> [RECORDS PROVIDED]
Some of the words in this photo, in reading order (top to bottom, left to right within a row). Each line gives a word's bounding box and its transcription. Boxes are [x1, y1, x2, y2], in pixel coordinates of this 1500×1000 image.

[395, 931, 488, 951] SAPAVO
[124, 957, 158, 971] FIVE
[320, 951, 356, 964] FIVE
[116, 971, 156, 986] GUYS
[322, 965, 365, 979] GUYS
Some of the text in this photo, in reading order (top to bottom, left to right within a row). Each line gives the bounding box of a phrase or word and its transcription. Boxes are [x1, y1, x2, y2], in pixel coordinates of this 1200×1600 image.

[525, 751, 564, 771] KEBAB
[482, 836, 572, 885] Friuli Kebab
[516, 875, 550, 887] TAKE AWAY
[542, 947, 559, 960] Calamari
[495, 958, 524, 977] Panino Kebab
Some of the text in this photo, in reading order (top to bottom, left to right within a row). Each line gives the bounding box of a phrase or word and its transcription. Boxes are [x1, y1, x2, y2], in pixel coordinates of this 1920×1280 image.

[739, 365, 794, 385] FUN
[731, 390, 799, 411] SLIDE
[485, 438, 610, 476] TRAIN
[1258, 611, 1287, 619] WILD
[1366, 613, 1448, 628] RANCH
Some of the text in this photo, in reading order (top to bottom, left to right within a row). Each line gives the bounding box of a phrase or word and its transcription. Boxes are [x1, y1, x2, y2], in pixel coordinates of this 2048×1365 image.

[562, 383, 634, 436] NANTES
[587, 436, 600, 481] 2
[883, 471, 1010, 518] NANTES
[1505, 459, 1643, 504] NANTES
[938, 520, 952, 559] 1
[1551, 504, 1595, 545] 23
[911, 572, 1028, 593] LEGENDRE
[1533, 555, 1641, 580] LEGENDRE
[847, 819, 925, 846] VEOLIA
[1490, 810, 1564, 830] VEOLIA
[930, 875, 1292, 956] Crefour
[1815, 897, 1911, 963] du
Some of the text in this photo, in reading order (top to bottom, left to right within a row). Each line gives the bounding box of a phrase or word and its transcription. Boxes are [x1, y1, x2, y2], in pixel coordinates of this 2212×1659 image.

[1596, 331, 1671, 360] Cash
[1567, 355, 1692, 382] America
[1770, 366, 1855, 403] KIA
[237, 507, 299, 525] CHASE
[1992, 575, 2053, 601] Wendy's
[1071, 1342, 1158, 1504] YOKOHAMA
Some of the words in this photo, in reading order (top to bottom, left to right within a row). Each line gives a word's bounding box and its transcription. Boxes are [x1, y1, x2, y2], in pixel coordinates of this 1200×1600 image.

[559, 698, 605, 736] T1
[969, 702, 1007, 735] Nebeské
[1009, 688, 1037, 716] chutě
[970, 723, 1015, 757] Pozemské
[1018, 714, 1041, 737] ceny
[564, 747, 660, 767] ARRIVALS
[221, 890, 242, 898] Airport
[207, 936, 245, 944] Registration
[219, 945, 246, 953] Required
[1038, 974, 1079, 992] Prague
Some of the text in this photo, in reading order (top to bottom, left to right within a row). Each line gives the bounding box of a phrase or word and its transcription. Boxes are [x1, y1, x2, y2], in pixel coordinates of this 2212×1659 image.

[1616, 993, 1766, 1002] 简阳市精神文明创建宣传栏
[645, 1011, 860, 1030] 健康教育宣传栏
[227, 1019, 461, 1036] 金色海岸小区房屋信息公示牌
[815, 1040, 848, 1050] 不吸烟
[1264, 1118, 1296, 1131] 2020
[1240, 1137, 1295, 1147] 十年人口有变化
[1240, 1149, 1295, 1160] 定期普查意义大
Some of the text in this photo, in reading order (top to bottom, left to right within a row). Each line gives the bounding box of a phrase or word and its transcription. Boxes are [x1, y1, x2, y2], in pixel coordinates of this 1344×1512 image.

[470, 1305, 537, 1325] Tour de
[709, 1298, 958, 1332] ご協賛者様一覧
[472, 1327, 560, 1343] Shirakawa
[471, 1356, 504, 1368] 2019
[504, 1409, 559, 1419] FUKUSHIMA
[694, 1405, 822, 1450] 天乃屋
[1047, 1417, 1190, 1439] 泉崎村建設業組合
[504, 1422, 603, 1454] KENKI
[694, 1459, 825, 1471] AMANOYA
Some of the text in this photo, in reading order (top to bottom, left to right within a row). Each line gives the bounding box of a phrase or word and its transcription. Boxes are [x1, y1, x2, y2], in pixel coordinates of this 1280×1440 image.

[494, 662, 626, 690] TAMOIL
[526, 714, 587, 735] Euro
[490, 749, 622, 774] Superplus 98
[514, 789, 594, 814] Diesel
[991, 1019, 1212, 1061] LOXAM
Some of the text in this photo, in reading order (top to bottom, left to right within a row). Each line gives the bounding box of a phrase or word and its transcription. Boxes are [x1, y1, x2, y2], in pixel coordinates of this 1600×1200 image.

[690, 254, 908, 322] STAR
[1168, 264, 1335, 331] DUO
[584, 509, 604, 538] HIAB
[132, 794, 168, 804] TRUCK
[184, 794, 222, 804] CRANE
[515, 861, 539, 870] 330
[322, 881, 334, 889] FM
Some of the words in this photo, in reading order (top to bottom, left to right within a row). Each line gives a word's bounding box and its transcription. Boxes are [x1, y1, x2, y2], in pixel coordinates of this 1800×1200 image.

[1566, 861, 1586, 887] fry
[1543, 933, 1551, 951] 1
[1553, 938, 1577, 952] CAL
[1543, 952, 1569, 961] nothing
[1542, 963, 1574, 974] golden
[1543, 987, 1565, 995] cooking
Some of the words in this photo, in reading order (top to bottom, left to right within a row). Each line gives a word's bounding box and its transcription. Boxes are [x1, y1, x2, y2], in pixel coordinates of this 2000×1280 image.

> [REQUIRED ACTION] The reply is to be an exact repeat of the records above.

> [SOLVED PROBLEM]
Some of the words in this photo, in reading order (top to bottom, left to right within a row). Each line gives a word's bounding box and its transcription. Boxes are [x1, y1, x2, y2], in pixel coordinates of this 1500×1000 image.

[395, 931, 488, 951] SAPAVO
[124, 957, 158, 971] FIVE
[320, 951, 356, 964] FIVE
[116, 971, 156, 986] GUYS
[322, 965, 365, 979] GUYS
Some of the text in this photo, in reading order (top to bottom, left to right within a row). Each line gives the bounding box of a phrase or word and its transcription. Boxes are [x1, y1, x2, y2], in pixel coordinates of this 1200×1600 image.

[525, 751, 564, 771] KEBAB
[482, 836, 572, 885] Friuli Kebab
[516, 875, 550, 887] TAKE AWAY
[542, 947, 559, 960] Calamari
[495, 958, 524, 977] Panino Kebab
Some of the text in this photo, in reading order (top to bottom, left to right within a row). Each line gives the bounding box of a phrase or word and its transcription. Boxes are [x1, y1, x2, y2], in pixel coordinates of this 1920×1280 image.

[739, 365, 794, 385] FUN
[731, 390, 799, 411] SLIDE
[485, 438, 610, 476] TRAIN
[1258, 611, 1287, 619] WILD
[1366, 613, 1448, 628] RANCH
Some of the text in this photo, in reading order (top to bottom, left to right within a row). Each line gives the bounding box of a phrase or word and its transcription. Boxes are [x1, y1, x2, y2], in pixel coordinates of this 2048×1365 image.

[562, 383, 634, 436] NANTES
[587, 436, 600, 481] 2
[883, 471, 1010, 518] NANTES
[1505, 459, 1643, 504] NANTES
[938, 520, 952, 559] 1
[1551, 504, 1595, 545] 23
[911, 572, 1028, 593] LEGENDRE
[1533, 555, 1641, 580] LEGENDRE
[847, 819, 925, 846] VEOLIA
[1490, 810, 1564, 830] VEOLIA
[930, 875, 1292, 956] Crefour
[1815, 897, 1911, 963] du
Some of the text in this photo, in reading order (top to bottom, left to right within a row). Each line gives the bounding box of a phrase or word and its transcription. Boxes are [x1, y1, x2, y2], in pixel coordinates of this 2212×1659 image.

[1596, 331, 1671, 360] Cash
[1567, 355, 1692, 382] America
[1770, 366, 1855, 403] KIA
[237, 507, 299, 525] CHASE
[1992, 575, 2053, 601] Wendy's
[1071, 1342, 1158, 1504] YOKOHAMA
Some of the words in this photo, in reading order (top to bottom, left to right within a row). Each line gives a word's bounding box and its transcription. Boxes are [x1, y1, x2, y2], in pixel coordinates of this 1200×1600 image.

[559, 698, 605, 736] T1
[969, 702, 1007, 735] Nebeské
[1009, 688, 1037, 716] chutě
[970, 723, 1015, 757] Pozemské
[1018, 714, 1041, 737] ceny
[564, 747, 660, 767] ARRIVALS
[221, 890, 242, 898] Airport
[207, 936, 245, 944] Registration
[219, 945, 246, 953] Required
[1038, 974, 1079, 992] Prague
Some of the text in this photo, in reading order (top to bottom, left to right within a row). Each line gives the bounding box of a phrase or word and its transcription. Boxes are [x1, y1, x2, y2], in pixel coordinates of this 2212×1659 image.

[1616, 993, 1766, 1002] 简阳市精神文明创建宣传栏
[645, 1011, 860, 1030] 健康教育宣传栏
[227, 1019, 461, 1036] 金色海岸小区房屋信息公示牌
[815, 1040, 848, 1050] 不吸烟
[1264, 1118, 1296, 1131] 2020
[1240, 1137, 1295, 1147] 十年人口有变化
[1240, 1149, 1295, 1160] 定期普查意义大
Some of the text in this photo, in reading order (top to bottom, left to right within a row). Each line gives the bounding box of a phrase or word and its transcription. Boxes are [x1, y1, x2, y2], in pixel coordinates of this 1344×1512 image.

[470, 1305, 537, 1325] Tour de
[709, 1298, 958, 1332] ご協賛者様一覧
[472, 1327, 560, 1343] Shirakawa
[471, 1356, 504, 1368] 2019
[504, 1409, 559, 1419] FUKUSHIMA
[694, 1405, 822, 1450] 天乃屋
[1047, 1417, 1190, 1439] 泉崎村建設業組合
[504, 1422, 603, 1454] KENKI
[694, 1459, 825, 1471] AMANOYA
Some of the text in this photo, in reading order (top to bottom, left to right within a row). Each line gives the bounding box of a phrase or word and its transcription. Boxes are [x1, y1, x2, y2], in pixel coordinates of this 1280×1440 image.

[494, 662, 626, 690] TAMOIL
[526, 714, 587, 735] Euro
[490, 749, 622, 774] Superplus 98
[514, 789, 594, 814] Diesel
[991, 1019, 1212, 1061] LOXAM
Some of the text in this photo, in reading order (top to bottom, left to right within a row). Each line gives the bounding box of a phrase or word and its transcription. Boxes are [x1, y1, x2, y2], in pixel coordinates of this 1600×1200 image.

[690, 254, 908, 322] STAR
[1168, 264, 1335, 331] DUO
[584, 509, 604, 538] HIAB
[132, 794, 168, 804] TRUCK
[184, 794, 222, 804] CRANE
[515, 861, 539, 870] 330
[322, 881, 334, 889] FM
Some of the words in this photo, in reading order (top to bottom, left to right within a row). Each line gives a word's bounding box and its transcription. Boxes are [x1, y1, x2, y2], in pixel coordinates of this 1800×1200 image.

[1566, 861, 1586, 887] fry
[1543, 933, 1551, 951] 1
[1553, 938, 1577, 952] CAL
[1543, 952, 1569, 961] nothing
[1542, 963, 1574, 974] golden
[1543, 987, 1565, 995] cooking
Some of the words in this photo, in reading order (top to bottom, left to right within a row). Each line gives a word's bounding box and its transcription. Boxes are [x1, y1, x2, y2], in pixel coordinates of this 2000×1280 image.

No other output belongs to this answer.